-- Opening Marker --

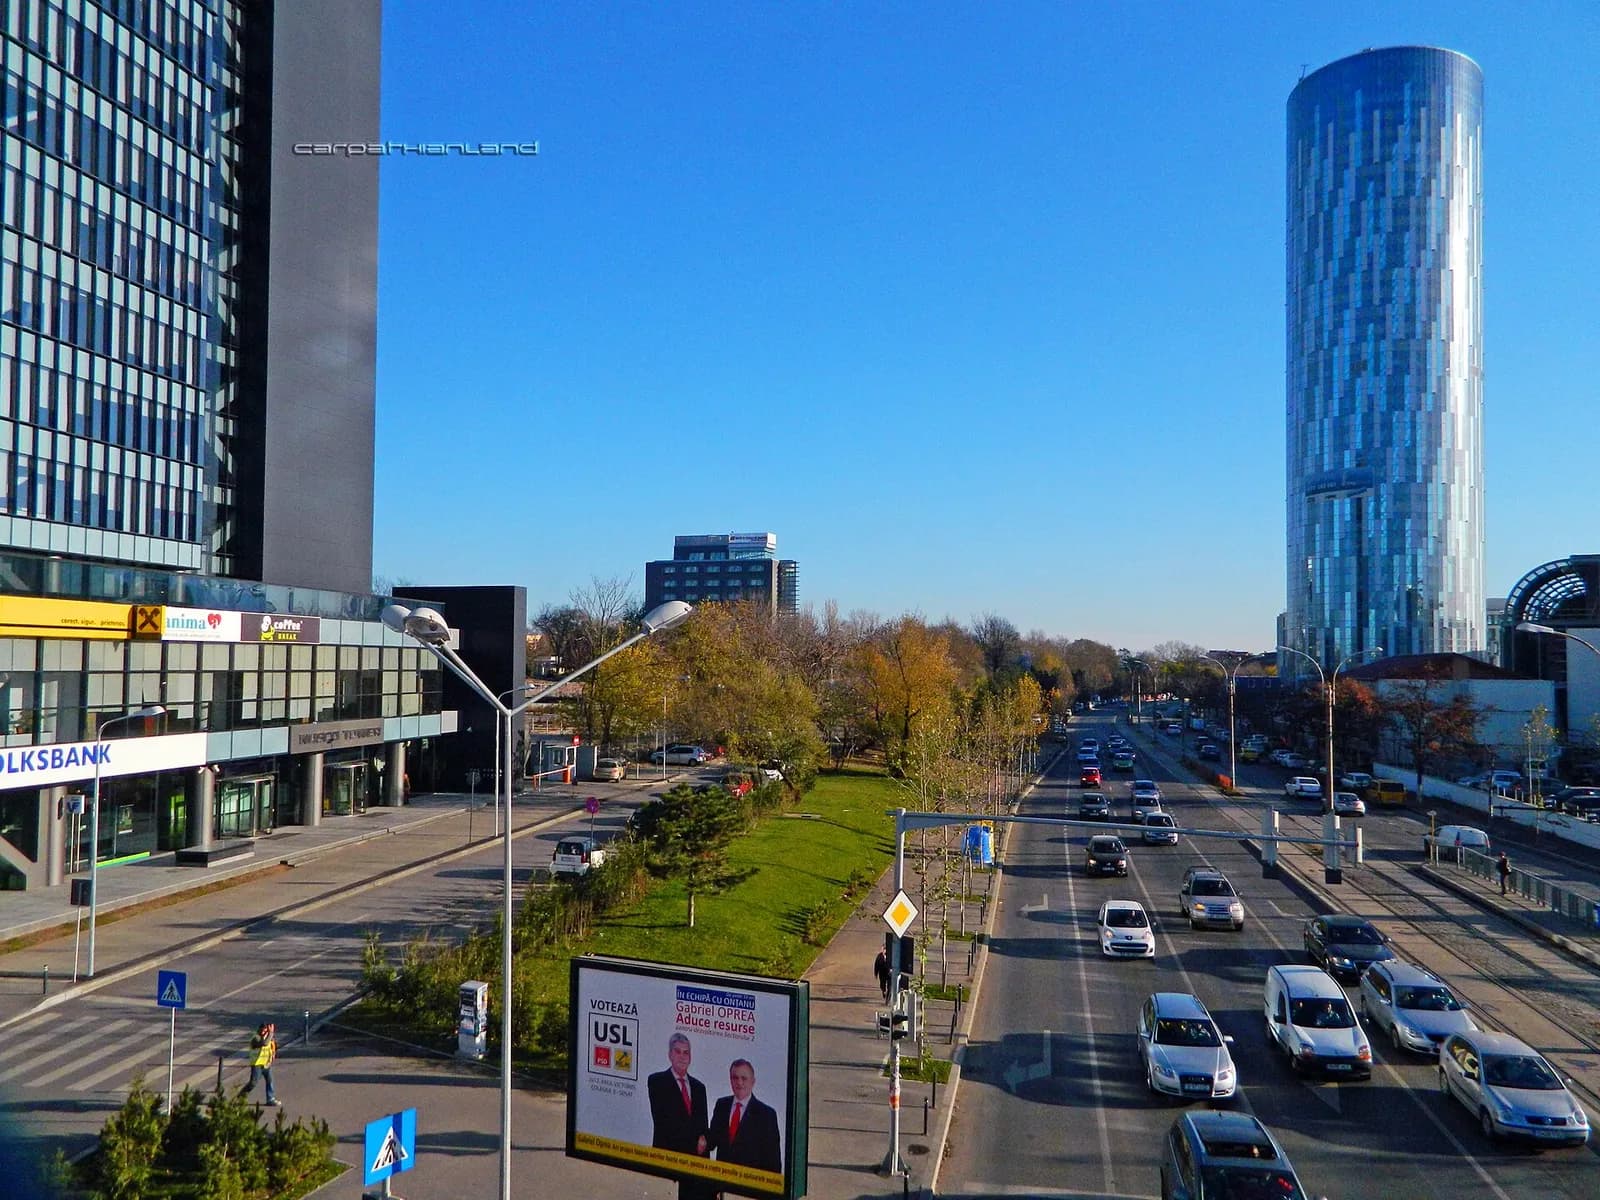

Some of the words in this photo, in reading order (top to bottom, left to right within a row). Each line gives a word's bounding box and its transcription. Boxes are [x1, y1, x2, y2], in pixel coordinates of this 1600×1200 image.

[274, 619, 301, 631] coffee
[0, 744, 111, 774] LKSBANK
[590, 999, 638, 1016] VOTEAZĂ
[711, 996, 723, 1005] CU
[676, 1001, 714, 1017] Gabriel
[717, 1007, 756, 1023] OPREA
[594, 1021, 633, 1046] USL
[676, 1013, 711, 1028] Aduce
[713, 1020, 755, 1035] resurse
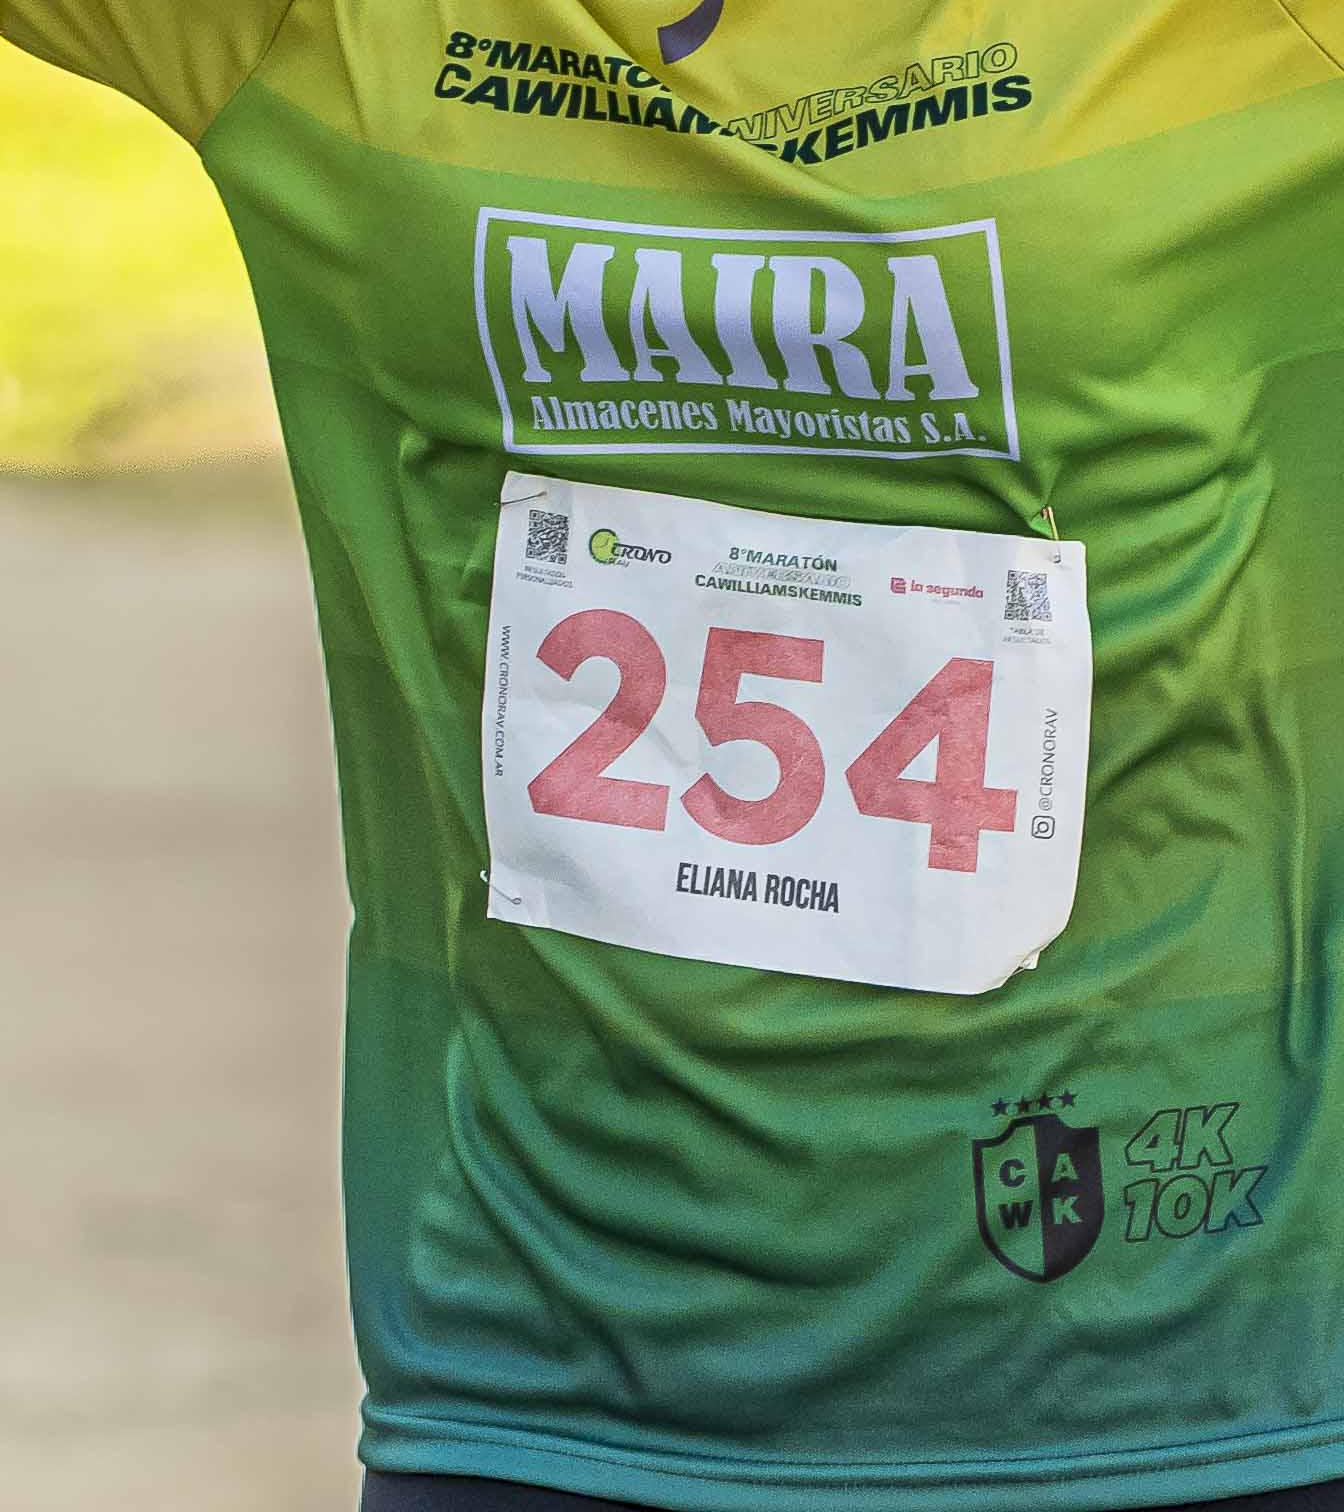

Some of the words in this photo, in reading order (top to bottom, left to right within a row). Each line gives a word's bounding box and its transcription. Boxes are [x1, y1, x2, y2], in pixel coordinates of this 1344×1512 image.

[728, 42, 1018, 141] NIVERSARIO
[506, 236, 980, 402] MAIRA
[530, 395, 718, 432] Almacenes
[725, 399, 912, 444] Mayoristas
[921, 412, 987, 444] S.A.
[695, 574, 862, 606] CAWILLIAMSKEMMIS
[911, 580, 923, 592] la
[926, 584, 984, 598] segunda
[495, 625, 511, 777] WWW.CRONORAV.COM.AR
[527, 608, 1018, 873] 254
[1039, 708, 1058, 811] @CRONORAV
[676, 862, 758, 903] ELIANA
[765, 873, 840, 914] ROCHA
[999, 1159, 1026, 1188] C
[1052, 1153, 1078, 1180] A
[1124, 1102, 1239, 1173] 4K
[999, 1200, 1033, 1229] W
[1052, 1196, 1082, 1225] K
[1123, 1166, 1268, 1242] 10K
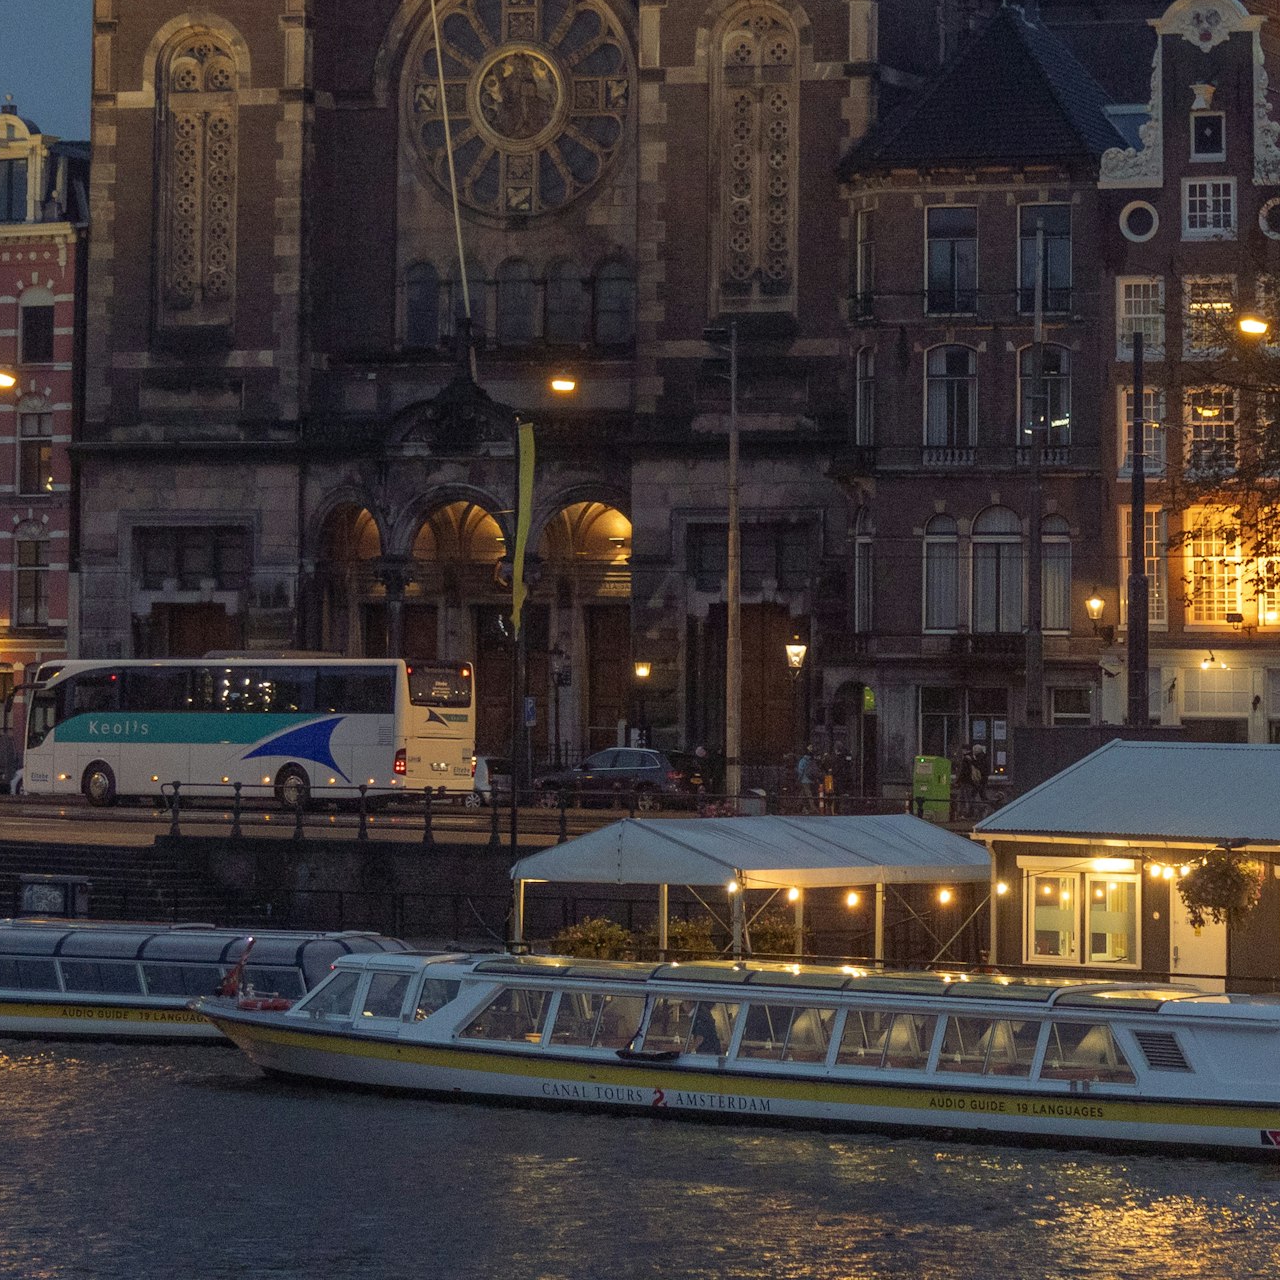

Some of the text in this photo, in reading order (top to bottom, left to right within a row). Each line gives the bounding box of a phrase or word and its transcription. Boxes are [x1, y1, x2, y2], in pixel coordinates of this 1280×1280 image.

[89, 720, 149, 736] Keolis
[61, 1008, 94, 1018] AUDIO
[97, 1009, 129, 1020] GUIDE
[139, 1011, 150, 1021] 19
[542, 1082, 771, 1112] CANAL TOURS AMSTERDAM
[929, 1097, 1104, 1118] AUDIO GUIDE 19 LANGUAGES

-- Closing Marker --

## TASK PROMPT
Retype word for word the line above with "Some of the text" and all lines after it, nothing else.

## ANSWER SPACE
Some of the text in this photo, in reading order (top to bottom, left to right within a row). Each line gives the bounding box of a phrase or word and its transcription. Boxes are [x1, y1, x2, y2], in pixel coordinates of this 1280×1280 image.

[89, 720, 149, 736] Keolis
[61, 1008, 94, 1018] AUDIO
[97, 1009, 129, 1020] GUIDE
[139, 1011, 150, 1021] 19
[542, 1082, 771, 1112] CANAL TOURS AMSTERDAM
[929, 1097, 1104, 1118] AUDIO GUIDE 19 LANGUAGES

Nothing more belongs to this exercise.